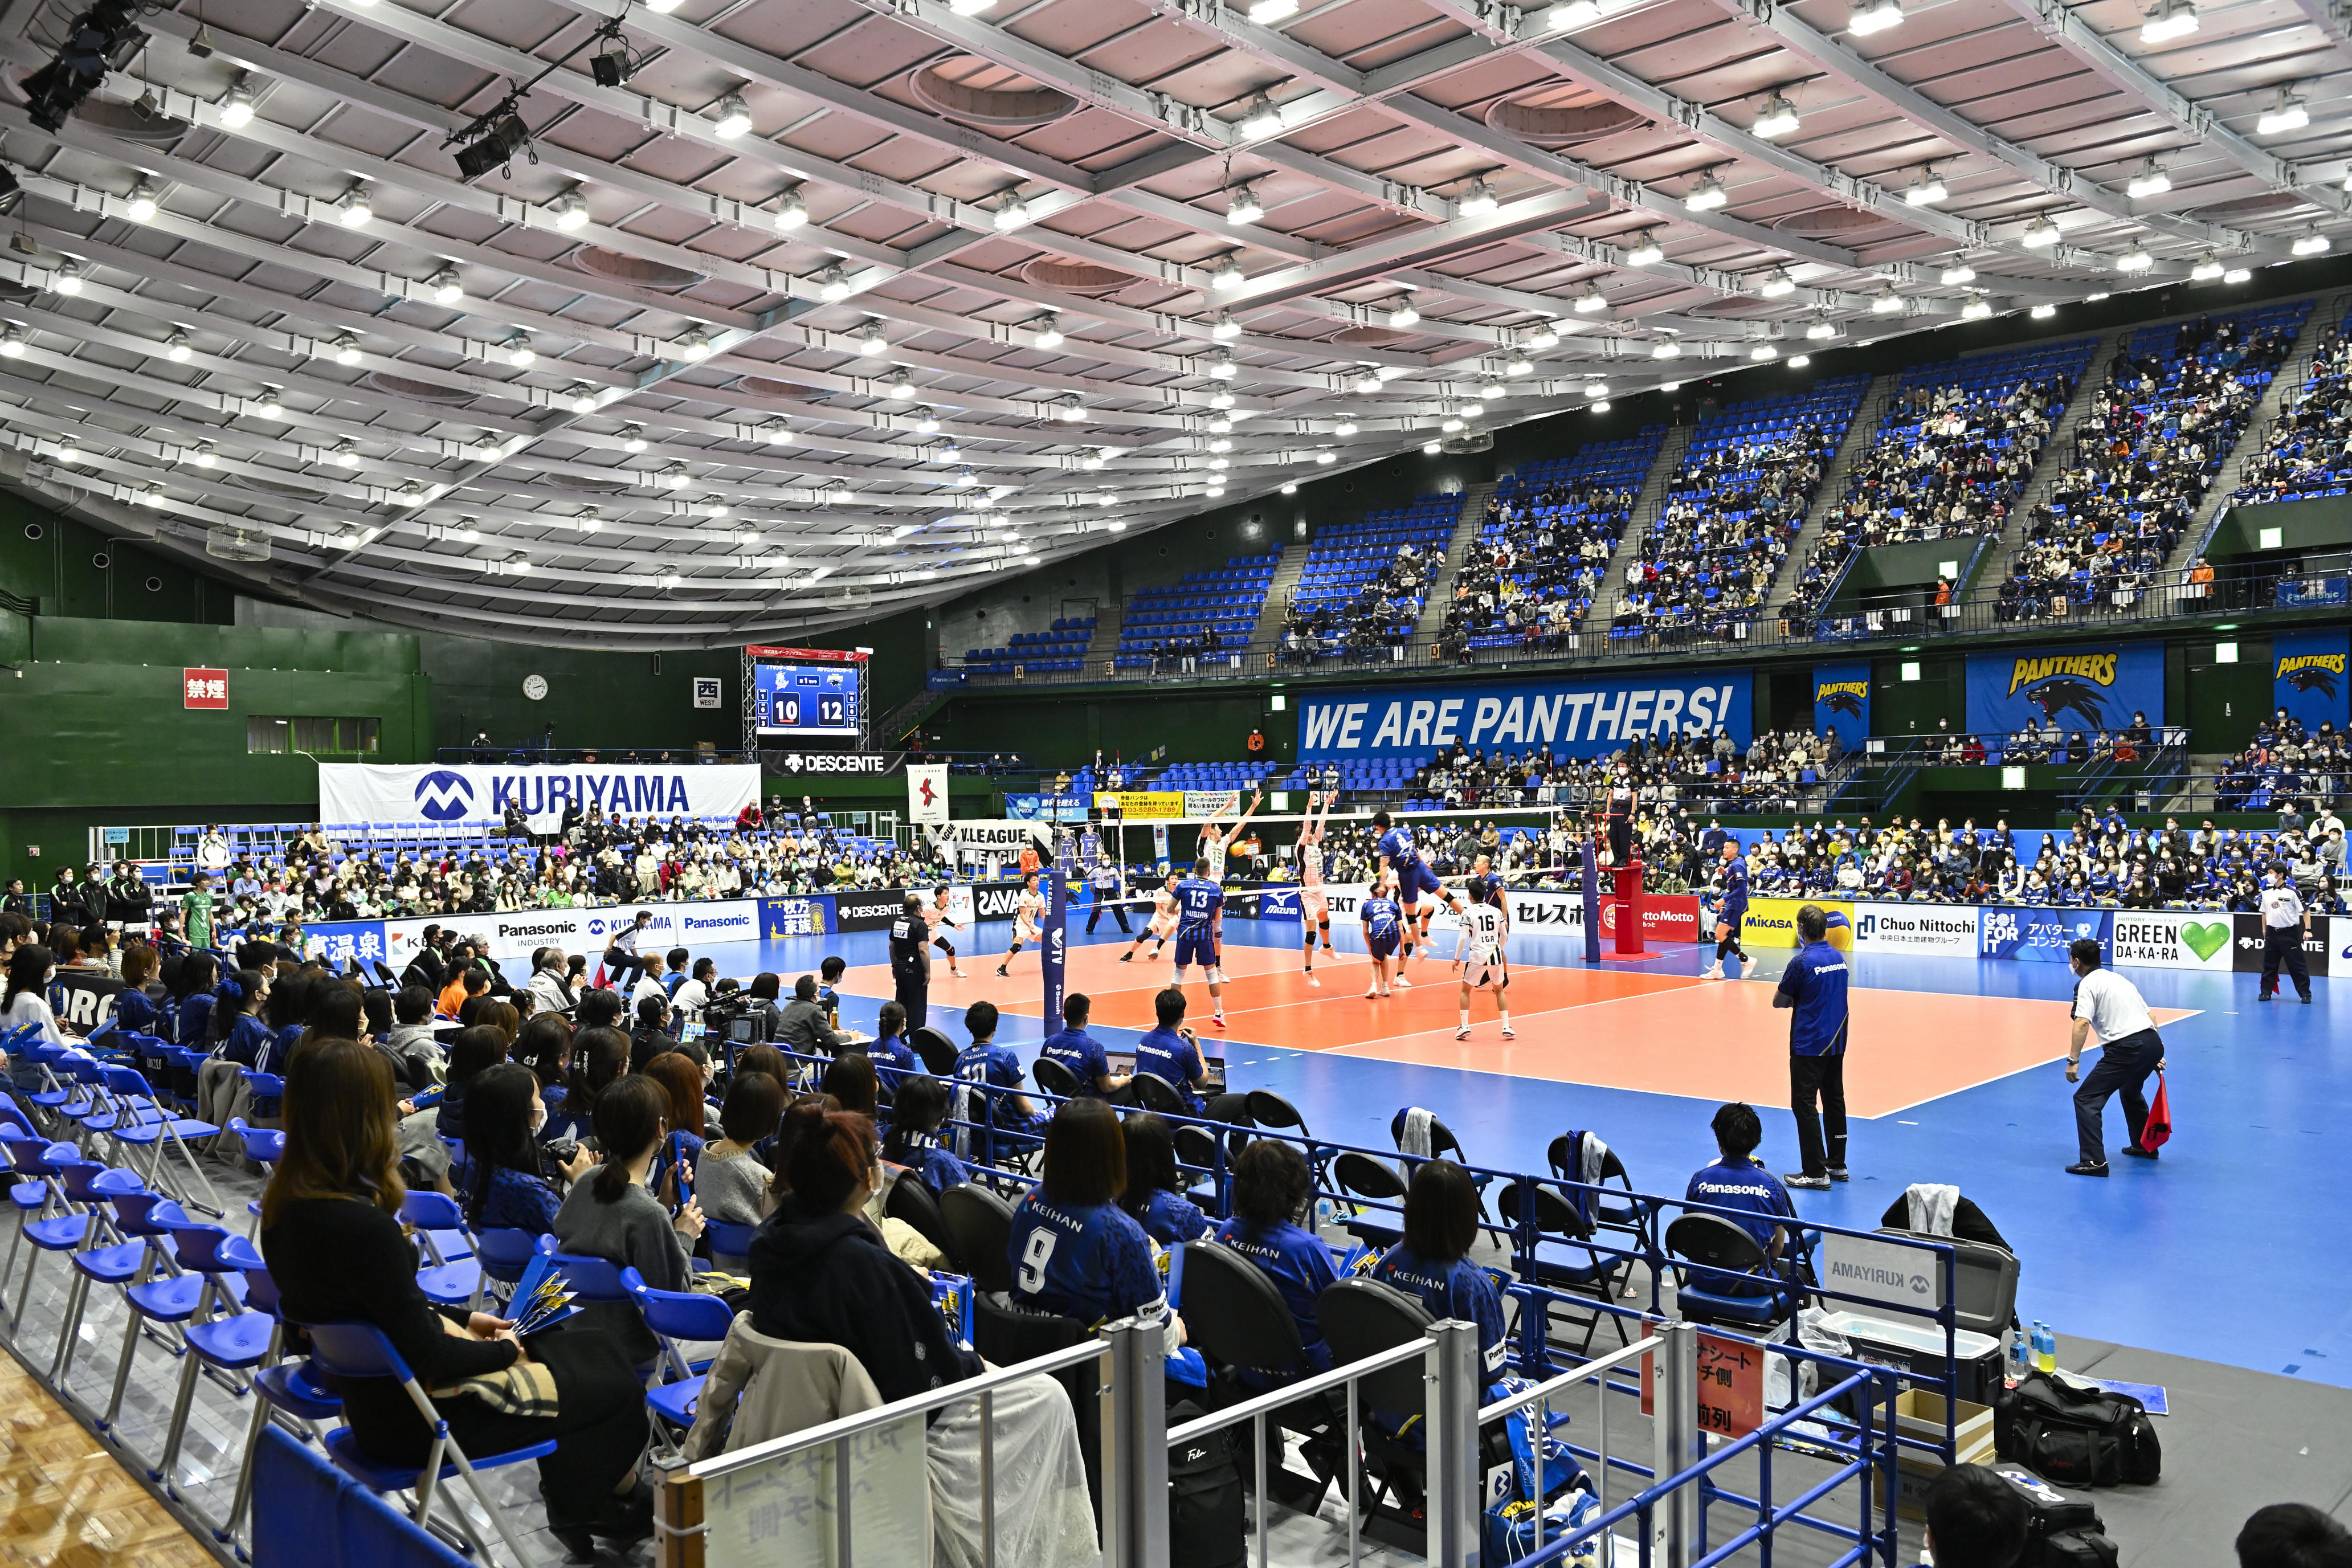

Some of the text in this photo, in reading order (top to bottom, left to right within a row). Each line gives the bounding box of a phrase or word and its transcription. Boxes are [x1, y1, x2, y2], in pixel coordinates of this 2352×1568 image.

[1016, 668, 1023, 676] A
[1106, 663, 1113, 672] B
[2276, 654, 2346, 679] PANTHERS
[2007, 654, 2118, 700] PANTHERS
[187, 679, 226, 699] 禁煙
[697, 681, 718, 699] 西
[1816, 680, 1868, 701] PANTHERS
[775, 701, 798, 720] 10
[822, 701, 842, 720] 12
[1305, 685, 1733, 749] WE ARE PANTHERS!
[806, 756, 884, 771] DESCENTE
[493, 775, 689, 815] KURIYAMA
[1042, 798, 1080, 807] 勝利を超える
[961, 828, 1026, 844] V.LEAGUE
[783, 899, 810, 914] 枚方
[978, 888, 1020, 916] SAVA
[1190, 890, 1208, 908] 13
[1328, 897, 1357, 913] EKT
[853, 904, 904, 918] DESCENTE
[1373, 903, 1390, 914] 22
[499, 920, 577, 937] Panasonic
[684, 914, 750, 929] Panasonic
[785, 919, 812, 935] 家族
[1478, 915, 1495, 932] 16
[1745, 916, 1793, 929] MIKASA
[1881, 918, 1975, 934] Chuo Nittochi
[2028, 924, 2074, 935] アバター
[1880, 934, 1960, 945] 中央日本土地建物グループ
[1983, 926, 2019, 941] FOR
[2116, 924, 2177, 944] GREEN
[517, 937, 560, 947] INDUSTRY
[1983, 940, 2000, 953] IT
[965, 1052, 988, 1060] KEIHAN
[1047, 1046, 1083, 1060] Panasonic
[1137, 1043, 1172, 1059] Panasonic
[1698, 1181, 1771, 1199] Panasonic
[1032, 1201, 1083, 1232] KEIHAN
[1231, 1239, 1280, 1259] KEIHAN
[1019, 1226, 1057, 1295] 9
[1394, 1270, 1444, 1291] KEIHAN
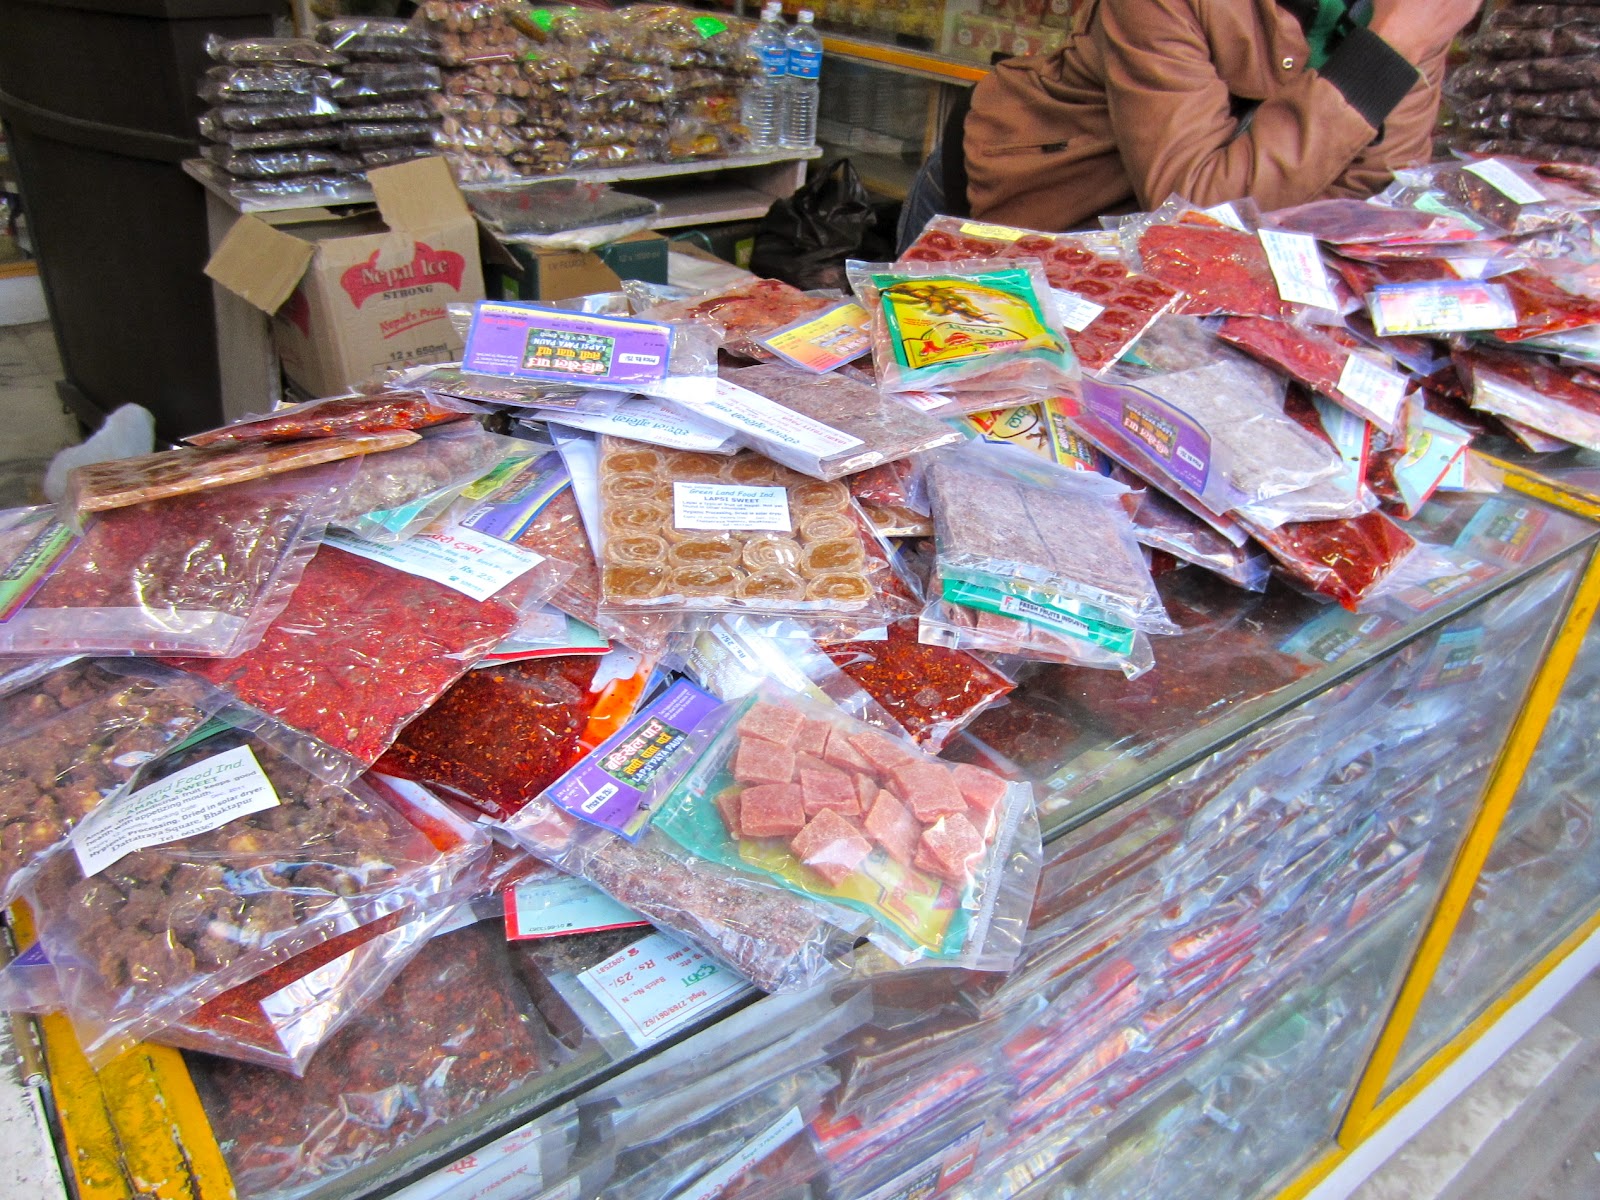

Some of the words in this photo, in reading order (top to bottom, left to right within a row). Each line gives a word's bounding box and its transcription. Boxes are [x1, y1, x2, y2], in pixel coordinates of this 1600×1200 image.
= = = =
WHAT YOU SHOULD DO »
Give every record again without changing a word. Exclude the pictures.

RESULT OF THIS TASK »
Some of the text in this photo, in reading order (top to bottom, left to right within a row). Each line gives the bounding box of a phrase or word and its transcription. Boxes are [x1, y1, x2, y2], in pixel coordinates of this 2352×1568 image.

[1016, 668, 1023, 676] A
[1106, 663, 1113, 672] B
[2276, 654, 2346, 679] PANTHERS
[2007, 654, 2118, 700] PANTHERS
[187, 679, 226, 699] 禁煙
[697, 681, 718, 699] 西
[1816, 680, 1868, 701] PANTHERS
[775, 701, 798, 720] 10
[822, 701, 842, 720] 12
[1305, 685, 1733, 749] WE ARE PANTHERS!
[806, 756, 884, 771] DESCENTE
[493, 775, 689, 815] KURIYAMA
[1042, 798, 1080, 807] 勝利を超える
[961, 828, 1026, 844] V.LEAGUE
[783, 899, 810, 914] 枚方
[978, 888, 1020, 916] SAVA
[1190, 890, 1208, 908] 13
[1328, 897, 1357, 913] EKT
[853, 904, 904, 918] DESCENTE
[1373, 903, 1390, 914] 22
[499, 920, 577, 937] Panasonic
[684, 914, 750, 929] Panasonic
[785, 919, 812, 935] 家族
[1478, 915, 1495, 932] 16
[1745, 916, 1793, 929] MIKASA
[1881, 918, 1975, 934] Chuo Nittochi
[2028, 924, 2074, 935] アバター
[1880, 934, 1960, 945] 中央日本土地建物グループ
[1983, 926, 2019, 941] FOR
[2116, 924, 2177, 944] GREEN
[517, 937, 560, 947] INDUSTRY
[1983, 940, 2000, 953] IT
[965, 1052, 988, 1060] KEIHAN
[1047, 1046, 1083, 1060] Panasonic
[1137, 1043, 1172, 1059] Panasonic
[1698, 1181, 1771, 1199] Panasonic
[1032, 1201, 1083, 1232] KEIHAN
[1231, 1239, 1280, 1259] KEIHAN
[1019, 1226, 1057, 1295] 9
[1394, 1270, 1444, 1291] KEIHAN

Some of the words in this photo, in reading order (top to bottom, left to right within a row). Each line gives a word's bounding box and its transcription. Boxes are [x1, y1, x2, y2], in pixel coordinates of this 1600×1200 image.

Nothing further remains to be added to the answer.